* [Assignment]: Would you transcribe the listing that follows word for word, skipping pictures?

* [Information provided]:
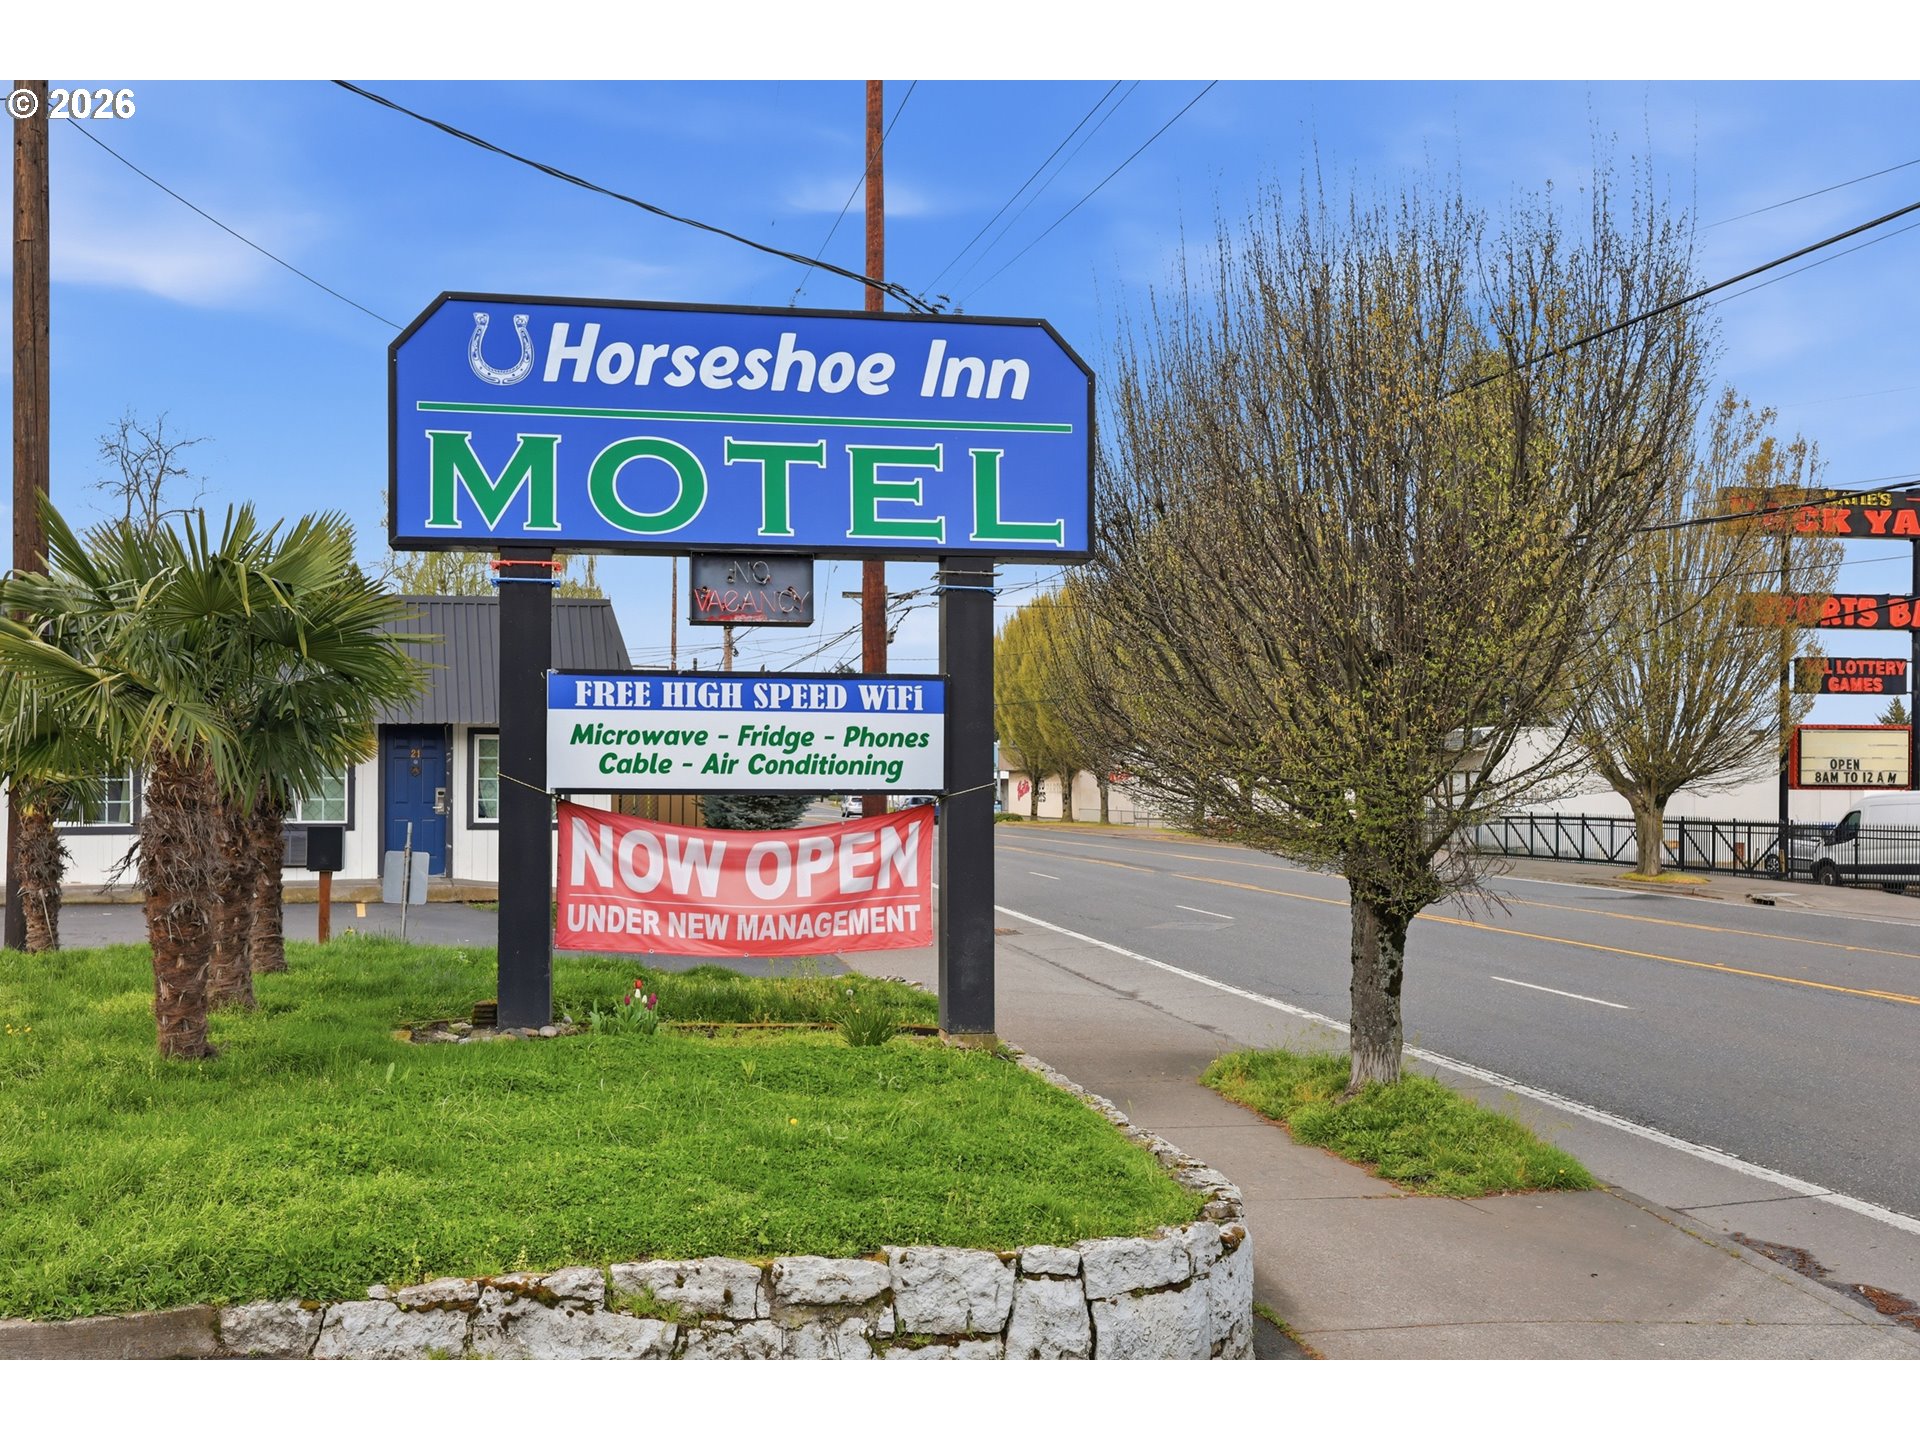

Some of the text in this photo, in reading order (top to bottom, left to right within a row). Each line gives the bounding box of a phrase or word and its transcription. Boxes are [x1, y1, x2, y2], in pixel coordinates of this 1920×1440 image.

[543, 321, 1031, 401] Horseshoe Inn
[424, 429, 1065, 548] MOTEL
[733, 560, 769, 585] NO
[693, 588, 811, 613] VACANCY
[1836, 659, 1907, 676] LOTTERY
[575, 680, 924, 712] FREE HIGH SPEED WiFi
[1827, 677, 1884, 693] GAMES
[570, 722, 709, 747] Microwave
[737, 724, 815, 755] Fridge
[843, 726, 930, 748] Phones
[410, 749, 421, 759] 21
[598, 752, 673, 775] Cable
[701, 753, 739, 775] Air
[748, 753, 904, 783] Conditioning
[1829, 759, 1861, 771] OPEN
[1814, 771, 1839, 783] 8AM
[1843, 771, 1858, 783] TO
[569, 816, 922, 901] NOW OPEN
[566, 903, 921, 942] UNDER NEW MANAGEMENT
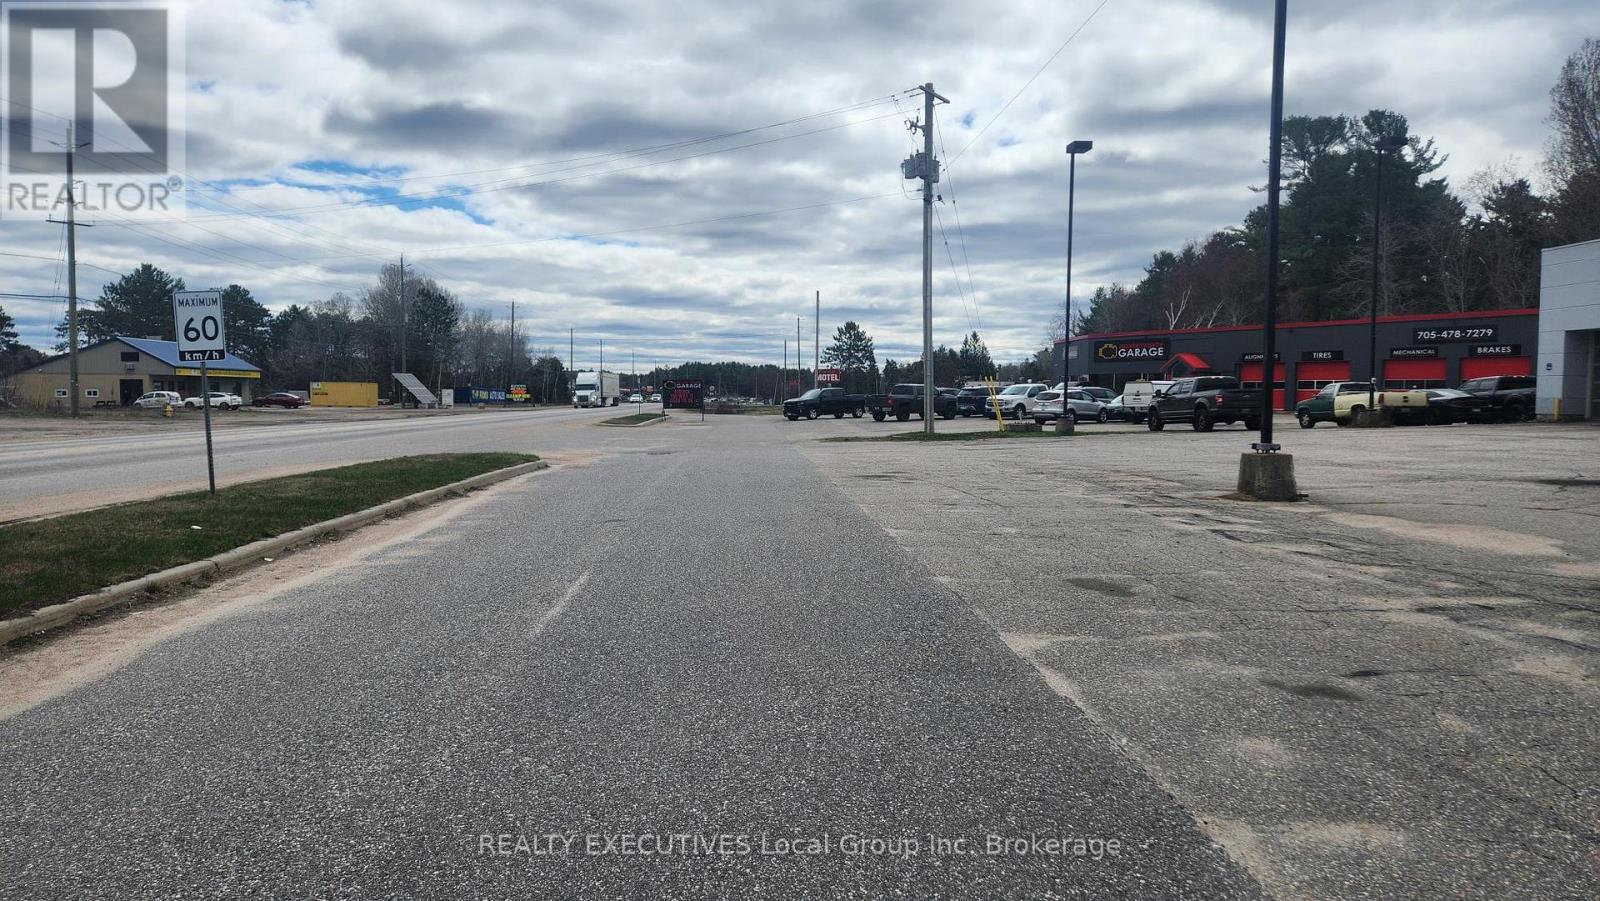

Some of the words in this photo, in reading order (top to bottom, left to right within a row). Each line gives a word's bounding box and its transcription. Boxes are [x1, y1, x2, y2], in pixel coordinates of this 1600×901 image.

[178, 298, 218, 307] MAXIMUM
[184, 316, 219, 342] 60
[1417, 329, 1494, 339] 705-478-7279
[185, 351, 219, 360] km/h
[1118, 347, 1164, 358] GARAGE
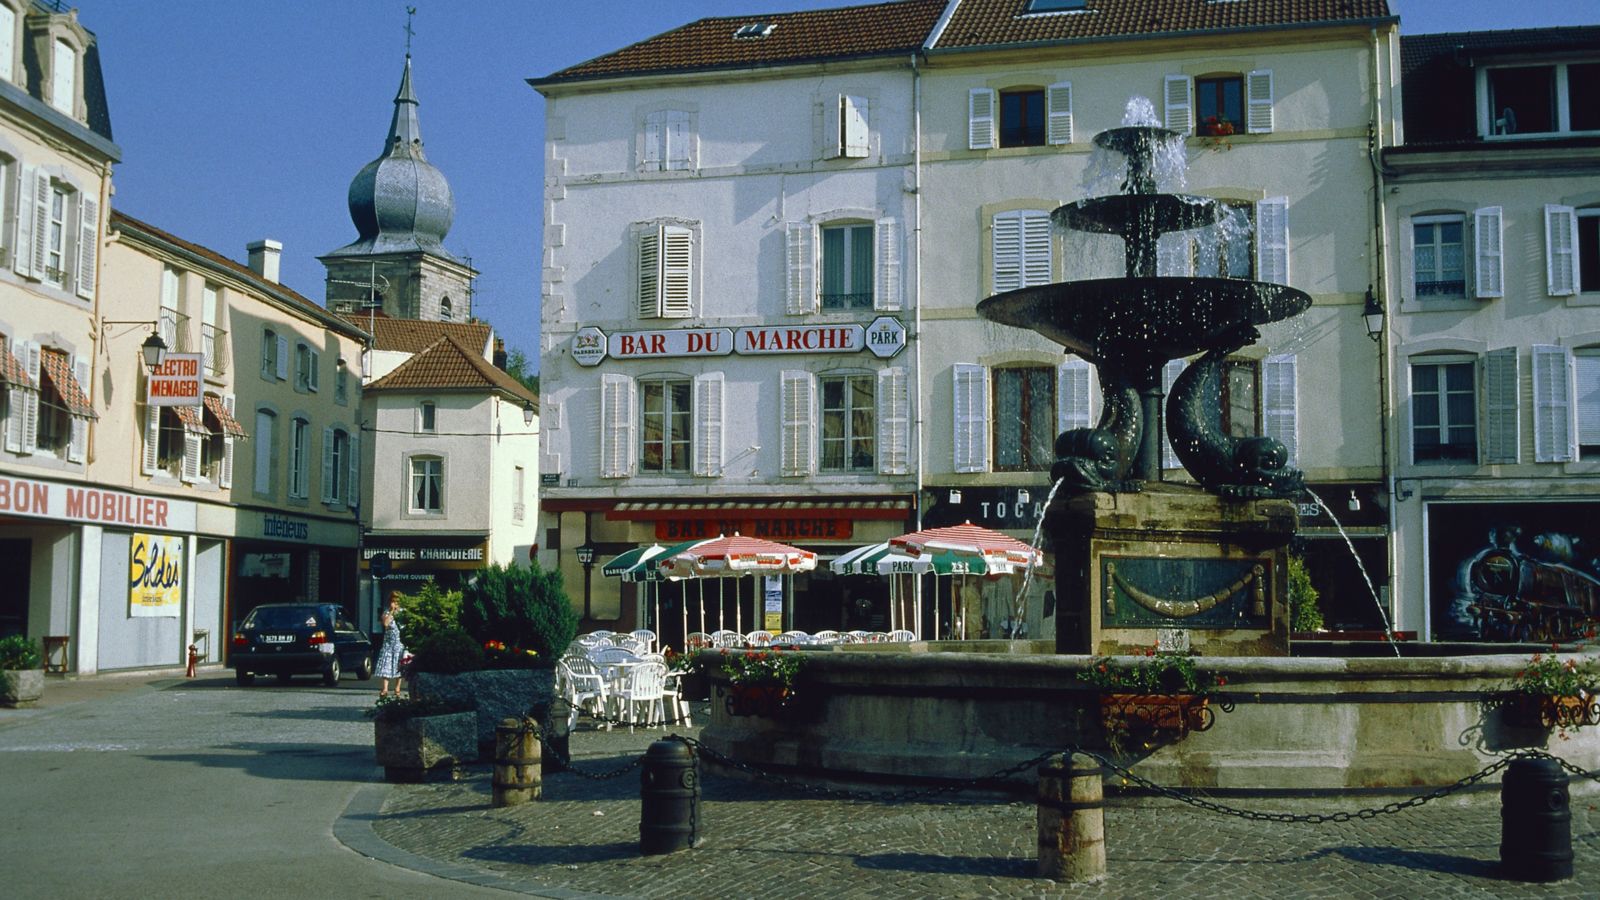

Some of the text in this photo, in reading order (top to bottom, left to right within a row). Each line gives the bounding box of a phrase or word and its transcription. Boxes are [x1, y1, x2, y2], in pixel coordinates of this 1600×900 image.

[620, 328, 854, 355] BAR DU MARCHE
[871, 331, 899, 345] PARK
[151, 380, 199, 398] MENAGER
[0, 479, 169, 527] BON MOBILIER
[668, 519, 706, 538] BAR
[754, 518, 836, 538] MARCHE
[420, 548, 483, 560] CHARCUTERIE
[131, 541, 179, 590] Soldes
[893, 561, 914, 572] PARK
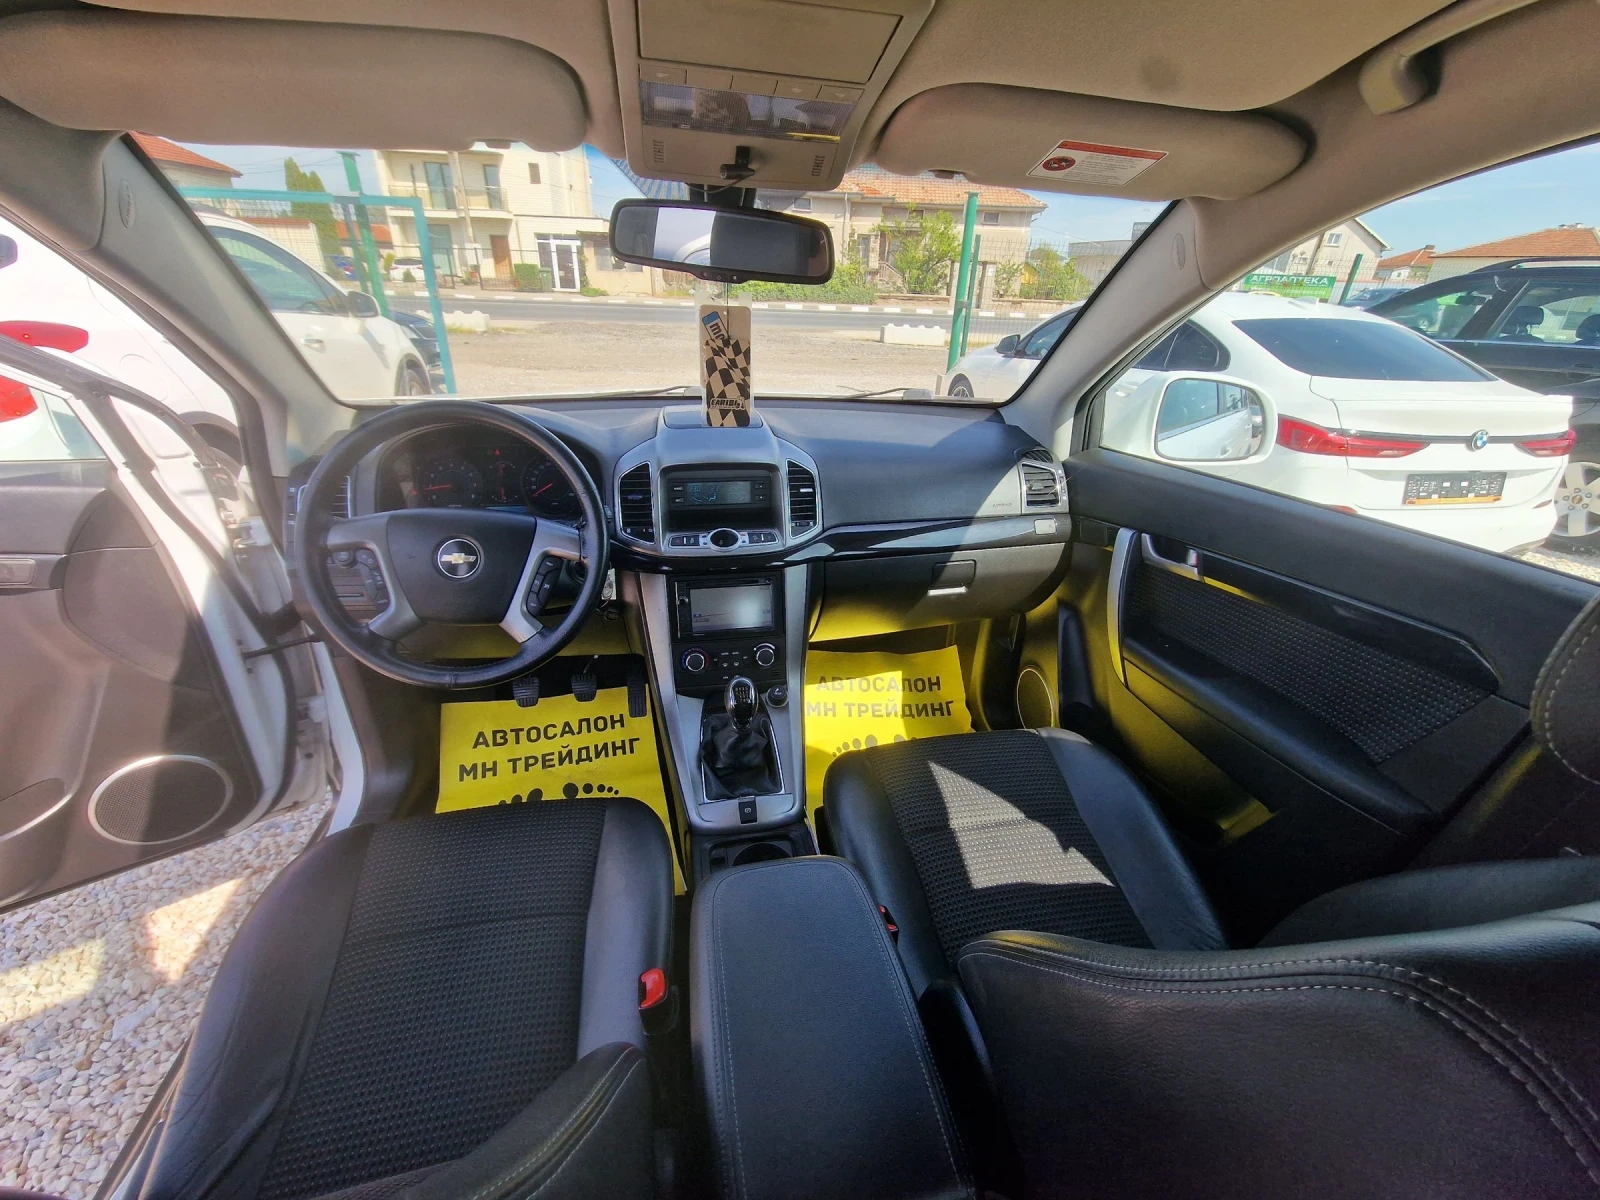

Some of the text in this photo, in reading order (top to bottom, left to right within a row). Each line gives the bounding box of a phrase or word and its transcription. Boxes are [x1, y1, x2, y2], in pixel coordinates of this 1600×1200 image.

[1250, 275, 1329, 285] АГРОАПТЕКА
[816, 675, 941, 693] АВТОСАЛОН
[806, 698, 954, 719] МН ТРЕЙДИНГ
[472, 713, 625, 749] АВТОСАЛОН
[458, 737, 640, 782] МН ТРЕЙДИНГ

* [Solution for this exercise]:
Some of the text in this photo, in reading order (top to bottom, left to right within a row). Each line gives the bounding box of a phrase or word and its transcription. Boxes are [x1, y1, x2, y2], in pixel coordinates of this 1920×1440 image.

[543, 321, 1031, 401] Horseshoe Inn
[424, 429, 1065, 548] MOTEL
[733, 560, 769, 585] NO
[693, 588, 811, 613] VACANCY
[1836, 659, 1907, 676] LOTTERY
[575, 680, 924, 712] FREE HIGH SPEED WiFi
[1827, 677, 1884, 693] GAMES
[570, 722, 709, 747] Microwave
[737, 724, 815, 755] Fridge
[843, 726, 930, 748] Phones
[410, 749, 421, 759] 21
[598, 752, 673, 775] Cable
[701, 753, 739, 775] Air
[748, 753, 904, 783] Conditioning
[1829, 759, 1861, 771] OPEN
[1814, 771, 1839, 783] 8AM
[1843, 771, 1858, 783] TO
[569, 816, 922, 901] NOW OPEN
[566, 903, 921, 942] UNDER NEW MANAGEMENT

Some of the words in this photo, in reading order (top to bottom, left to right within a row). Each line gives a word's bounding box and its transcription. Boxes are [x1, y1, x2, y2], in pixel coordinates of this 1600×901 image.

[178, 298, 218, 307] MAXIMUM
[184, 316, 219, 342] 60
[1417, 329, 1494, 339] 705-478-7279
[185, 351, 219, 360] km/h
[1118, 347, 1164, 358] GARAGE

Some of the text in this photo, in reading order (top to bottom, left to right within a row). Each line gives the bounding box of a phrase or word and its transcription. Boxes are [x1, y1, x2, y2], in pixel coordinates of this 1600×900 image.

[620, 328, 854, 355] BAR DU MARCHE
[871, 331, 899, 345] PARK
[151, 380, 199, 398] MENAGER
[0, 479, 169, 527] BON MOBILIER
[668, 519, 706, 538] BAR
[754, 518, 836, 538] MARCHE
[420, 548, 483, 560] CHARCUTERIE
[131, 541, 179, 590] Soldes
[893, 561, 914, 572] PARK

Some of the text in this photo, in reading order (top to bottom, left to right within a row). Each line gives the bounding box of a phrase or word and its transcription. Boxes are [x1, y1, x2, y2], in pixel coordinates of this 1600×1200 image.

[1250, 275, 1329, 285] АГРОАПТЕКА
[816, 675, 941, 693] АВТОСАЛОН
[806, 698, 954, 719] МН ТРЕЙДИНГ
[472, 713, 625, 749] АВТОСАЛОН
[458, 737, 640, 782] МН ТРЕЙДИНГ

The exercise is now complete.